▶ **Exercise aim**:
The full listing should be written out verbatim, and its images should be dropped.

Top of Entries provided

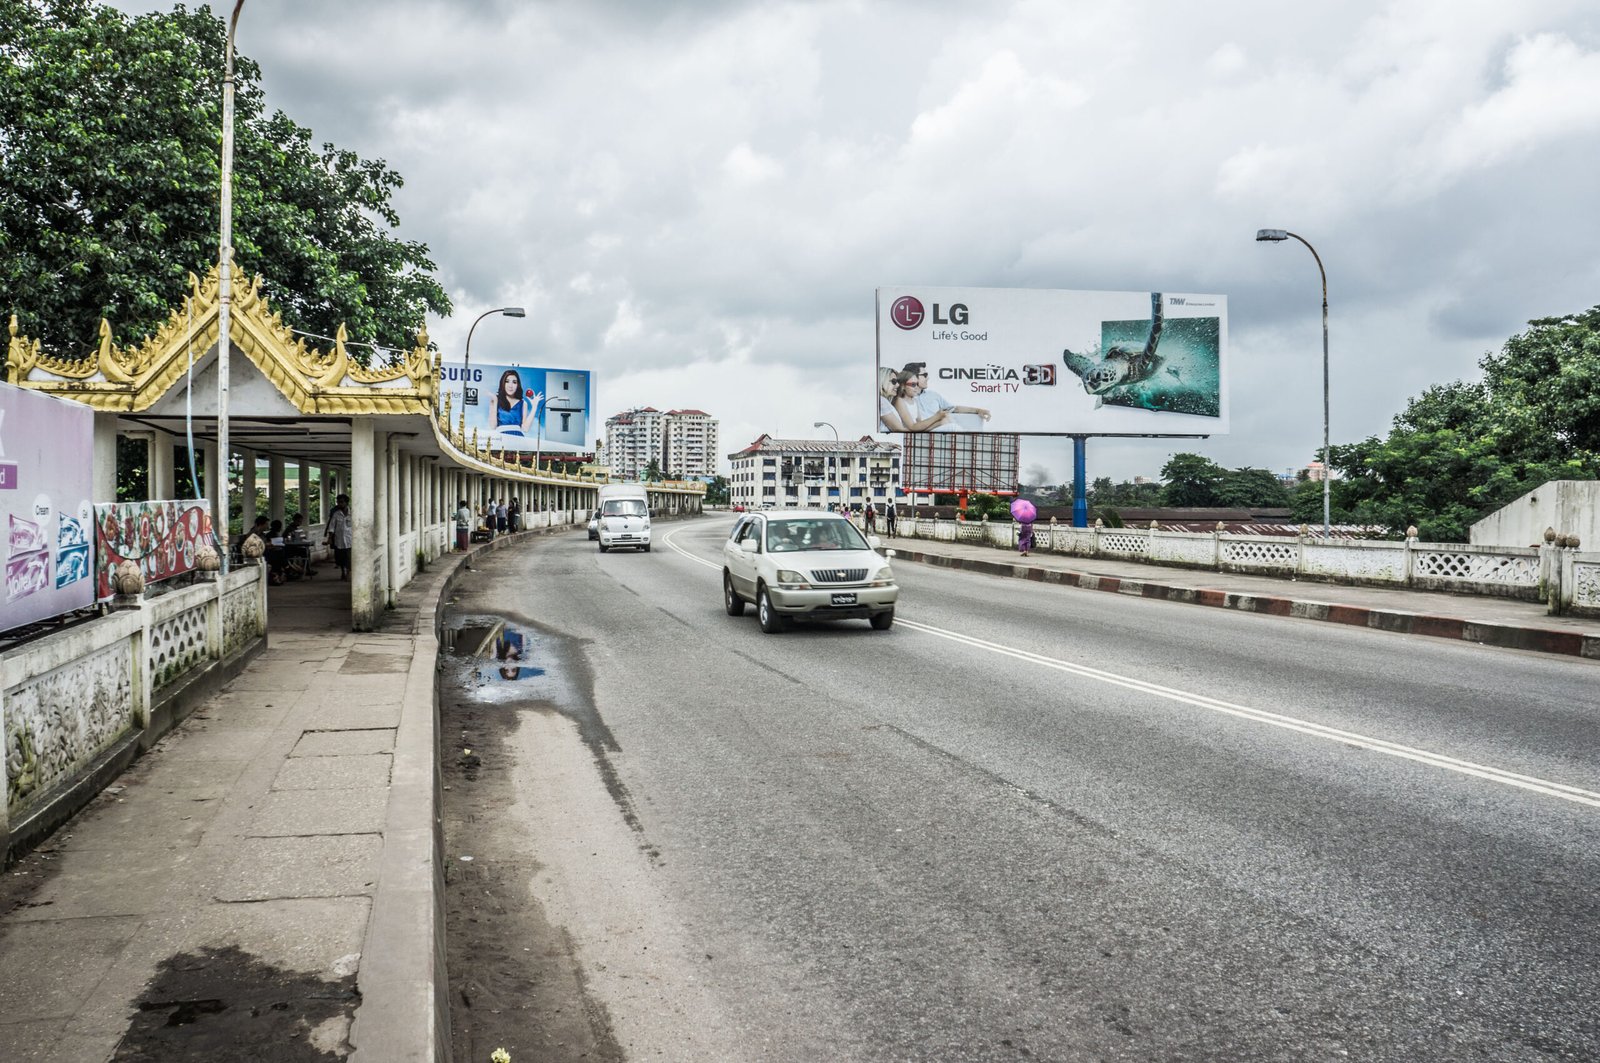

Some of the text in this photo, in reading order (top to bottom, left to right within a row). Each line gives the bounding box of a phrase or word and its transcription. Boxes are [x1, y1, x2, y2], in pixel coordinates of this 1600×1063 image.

[932, 303, 969, 325] LG
[932, 330, 988, 341] Life's Good
[939, 364, 1057, 386] CINEMA 3D
[466, 389, 477, 397] 10
[970, 382, 1020, 393] Smart TV

Bottom of Entries provided

▶ **Task answer**:
Some of the text in this photo, in reading order (top to bottom, left to right within a row). Each line gives the bounding box of a phrase or word and its transcription. Boxes are [x1, y1, x2, y2], in pixel coordinates of this 1600×1063 image.

[932, 303, 969, 325] LG
[932, 330, 988, 341] Life's Good
[939, 364, 1057, 386] CINEMA 3D
[466, 389, 477, 397] 10
[970, 382, 1020, 393] Smart TV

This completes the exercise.